## Work instructions:
All of the data should be given again word for word, though the images are to be left out.
[Opening Input for this task section]
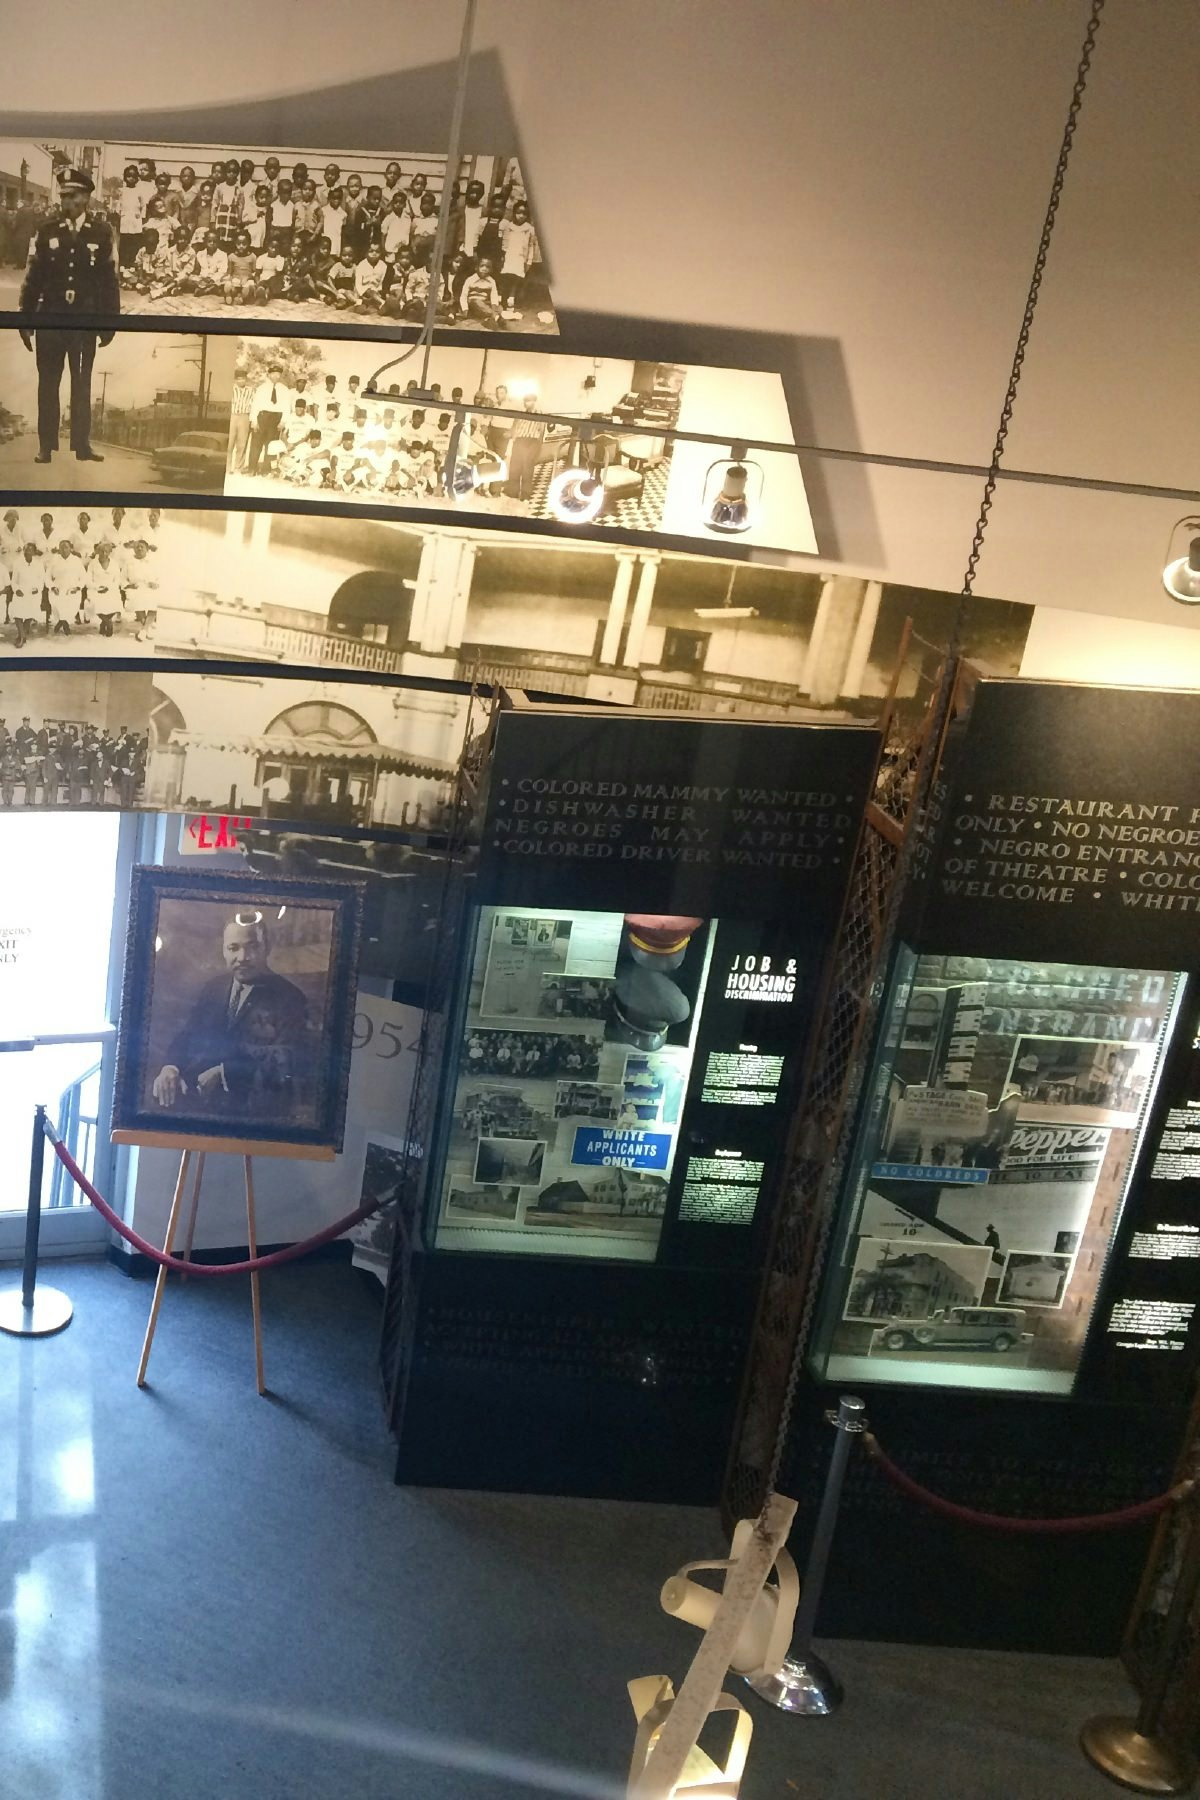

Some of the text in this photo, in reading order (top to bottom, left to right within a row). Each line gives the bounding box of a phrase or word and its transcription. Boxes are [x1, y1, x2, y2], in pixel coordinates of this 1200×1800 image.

[517, 777, 837, 808] COLORED MAMMY WANTED
[513, 798, 852, 830] DISHWASHER WANTED
[988, 795, 1179, 823] RESTAURANT
[495, 818, 832, 848] NEGROES MAY APPLY
[955, 815, 1025, 833] ONLY
[1051, 820, 1090, 839] NO
[502, 839, 823, 869] COLORED DRIVER WANTED
[980, 839, 1071, 859] NEGRO
[944, 858, 977, 874] OF
[985, 860, 1108, 884] THEATRE
[942, 879, 1075, 904] WELCOME
[731, 954, 798, 975] JOB &
[726, 973, 797, 994] HOUSING
[724, 989, 794, 1003] DISCRIMINATION
[602, 1130, 645, 1142] WHITE
[586, 1141, 657, 1157] APPLICANTS
[601, 1155, 636, 1168] ONLY
[880, 1166, 899, 1176] NO
[Closing Input for this task section]
## Answer below:
Some of the text in this photo, in reading order (top to bottom, left to right within a row). Each line gives the bounding box of a phrase or word and its transcription. Boxes are [x1, y1, x2, y2], in pixel coordinates of this 1200×1800 image.

[517, 777, 837, 808] COLORED MAMMY WANTED
[513, 798, 852, 830] DISHWASHER WANTED
[988, 795, 1179, 823] RESTAURANT
[495, 818, 832, 848] NEGROES MAY APPLY
[955, 815, 1025, 833] ONLY
[1051, 820, 1090, 839] NO
[502, 839, 823, 869] COLORED DRIVER WANTED
[980, 839, 1071, 859] NEGRO
[944, 858, 977, 874] OF
[985, 860, 1108, 884] THEATRE
[942, 879, 1075, 904] WELCOME
[731, 954, 798, 975] JOB &
[726, 973, 797, 994] HOUSING
[724, 989, 794, 1003] DISCRIMINATION
[602, 1130, 645, 1142] WHITE
[586, 1141, 657, 1157] APPLICANTS
[601, 1155, 636, 1168] ONLY
[880, 1166, 899, 1176] NO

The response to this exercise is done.